A balding, pixie-ish, poker-playing rogue, Mr. Dutton was born in Julesburg, Colo., and moved to California as a youth. During World War II, he served in the Army infantry and was wounded and taken prisoner during the Battle of the Bulge. He was later awarded a Purple Heart and a Bronze Star. He served in the Judge Advocate General's Corps during the Korean War, stationed in Japan.

Mr. Dutton graduated from the University of California at Berkeley and received a law degree from Stanford University in 1949. He was on the first editorial board of the Stanford Law Review with Warren M. Christopher, who became President Bill Clinton's secretary of state, and Shirley M. Hufstedler, President Jimmy Carter's secretary of education.

His political career began as Southern California campaign manager for Adlai Stevenson's 1956 presidential campaign. Afterwards, he signed on with Edmund G. "Pat" Brown's campaign for governor and later served as his chief of staff.

Mr.
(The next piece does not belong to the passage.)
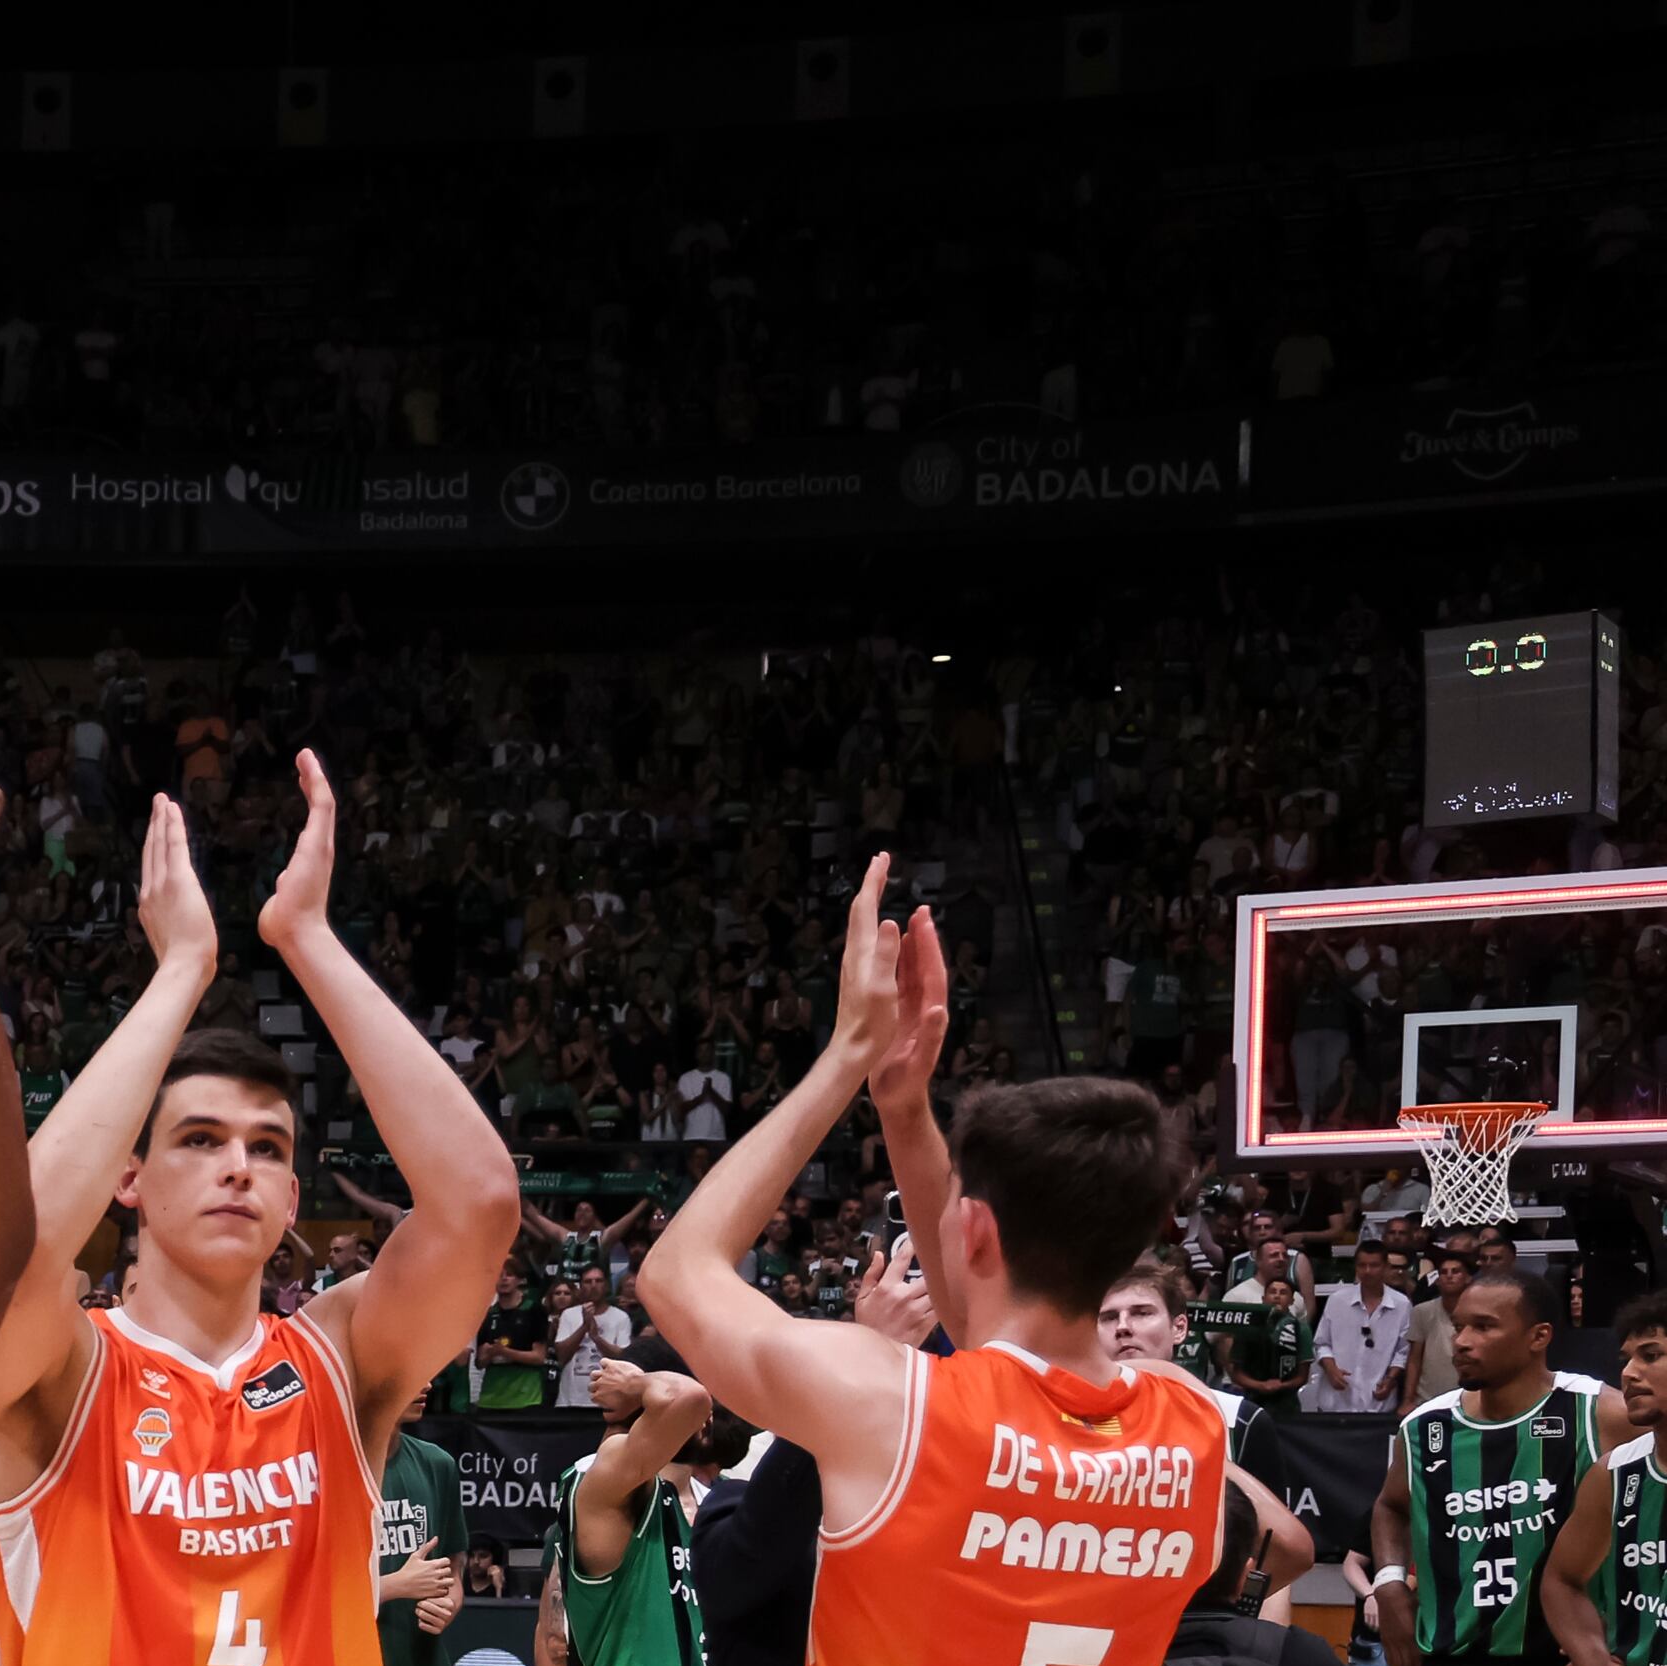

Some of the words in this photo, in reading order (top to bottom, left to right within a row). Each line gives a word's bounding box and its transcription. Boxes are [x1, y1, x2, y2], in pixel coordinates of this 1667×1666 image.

Dutton was a member of the California university system's board of regents from 1962 to 1978.

In 1962, as a presidential aide, he described himself as "Typhoid Mary, carrying germs of ideas and outlooks back and forth between the State Department and Congress."

He was in charge of the platform committee at the 1964 Democratic National Convention, coordinator of the John F. Kennedy Library and founding director of the Robert F. Kennedy Memorial Foundation and served on the Democratic National Committee's McGovern Commission from 1969 to 1972, which resulted in the reform of the delegate selection process. His role in increasing the number of female delegates led feminist Betty Friedan to call him the "Papa Bear of the women's liberation movement," said Nancy Dutton, his wife and law firm partner.

Although he was once described as "Fred of Arabia," his work as a lobbyist involved much behind-the-scenes work as a "force multiplier" who paved the way for others to take the stage. He brought media personalities into social contact with politicians at dinner parties that his wife insisted were simply gatherings of friends but that are as much a part of the capital city's unwritten rules of influence as the power lunch.

"I like to keep things on a social level," Mr. Dutton said of one of his soirees.

When quoted in print, he played down the work of lobbying and observations that he was as much a political strategist as an aide to elected officials.

"When you get right down to it, we're just pimples on the process," he told The Washington Post in 1983. "So much of lobbying is just blue smoke and mirrors. One of the phoniest parts of the whole business is the extent to which the Washington office exists simply to feed the corporate vice president back home a steady diet of the insider Washington gossip. You're a bigger man on Fifth Avenue or out on Main Street if you can make a grand processional into Washington."

His marriage to June Kingborg ended in divorce.

Survivors include his wife, of Washington; three children from his first marriage, Christopher Dutton of San Anselmo, Calif., Lisa Dutton of Los Angeles and Eve Dutton of San Carlos, Calif.; two daughters from his second marriage, Stacy Dutton of Philadelphia and Christina Dutton of Washington; and seven grandchildren.